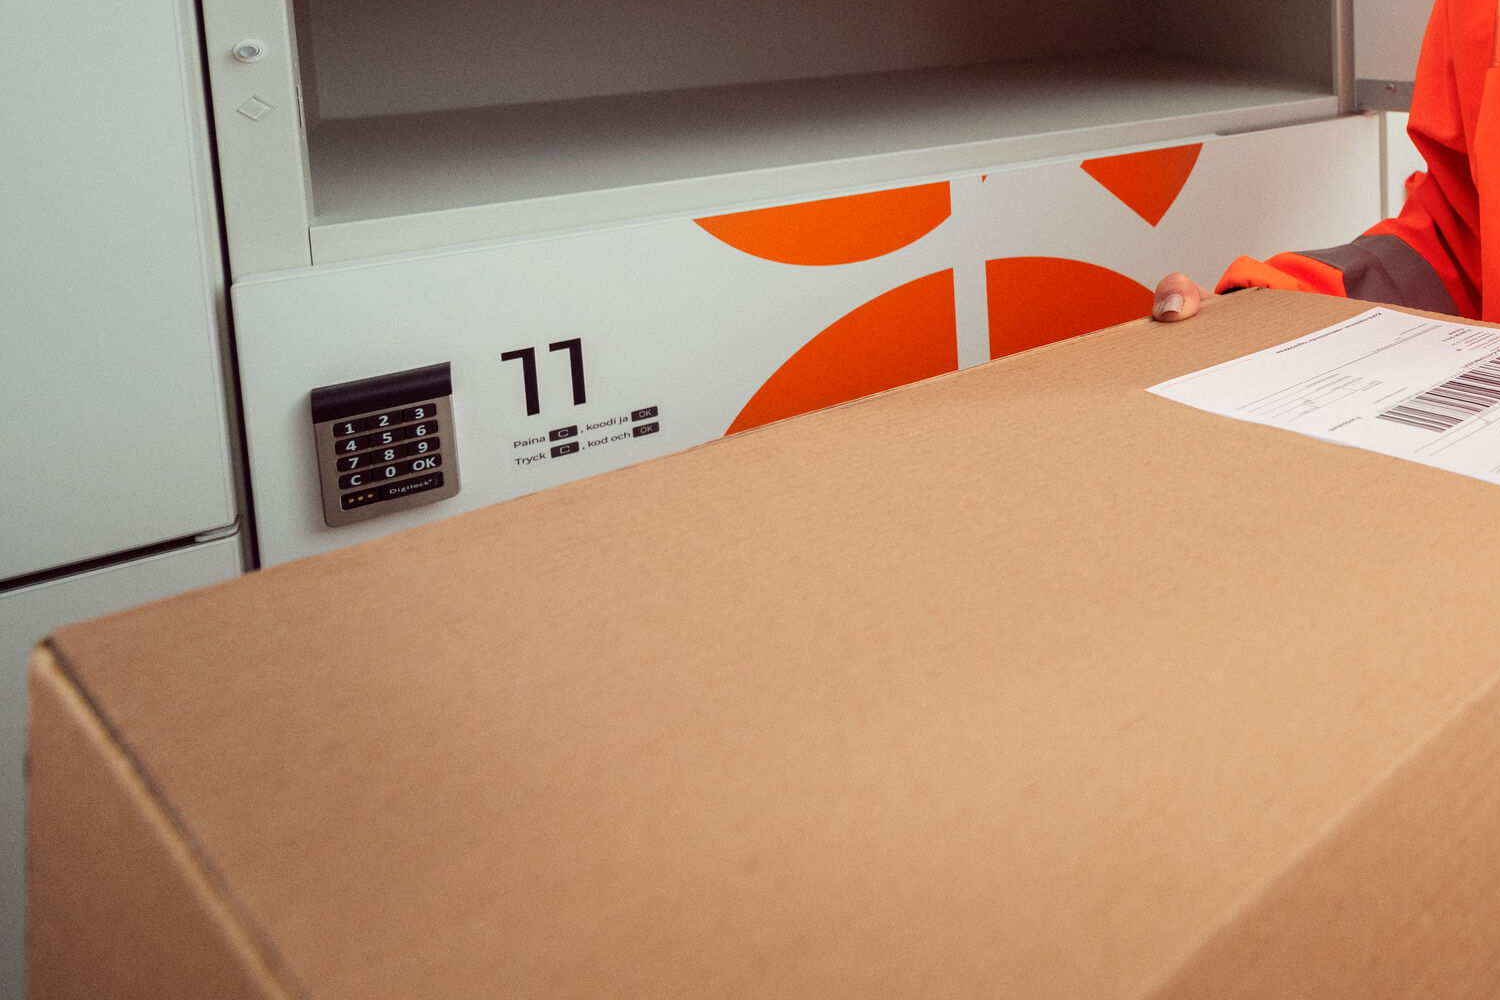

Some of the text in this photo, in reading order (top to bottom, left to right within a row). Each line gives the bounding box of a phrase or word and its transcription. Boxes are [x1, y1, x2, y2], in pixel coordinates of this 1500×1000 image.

[501, 337, 587, 417] 11
[344, 408, 425, 434] 1 2 3
[513, 435, 546, 449] Paina
[558, 429, 569, 438] C
[586, 418, 617, 431] koodi
[618, 415, 628, 425] ja
[638, 409, 651, 418] OK
[345, 424, 427, 451] 4 5 6
[515, 453, 546, 466] Tryck
[559, 445, 571, 454] C
[588, 436, 608, 447] kod
[611, 431, 631, 442] och
[640, 425, 653, 434] OK
[348, 441, 428, 469] 7 8 9
[350, 457, 436, 486] C 0 OK

§ **WHAT TO WORK ON**: Please set down every line of the listing verbatim, excluding its pictures.

§ **WRITTEN REPLY**:
Some of the text in this photo, in reading order (top to bottom, left to right within a row). Each line gives the bounding box of a phrase or word and its transcription. Boxes are [x1, y1, x2, y2], in pixel coordinates of this 1500×1000 image.

[501, 337, 587, 417] 11
[344, 408, 425, 434] 1 2 3
[513, 435, 546, 449] Paina
[558, 429, 569, 438] C
[586, 418, 617, 431] koodi
[618, 415, 628, 425] ja
[638, 409, 651, 418] OK
[345, 424, 427, 451] 4 5 6
[515, 453, 546, 466] Tryck
[559, 445, 571, 454] C
[588, 436, 608, 447] kod
[611, 431, 631, 442] och
[640, 425, 653, 434] OK
[348, 441, 428, 469] 7 8 9
[350, 457, 436, 486] C 0 OK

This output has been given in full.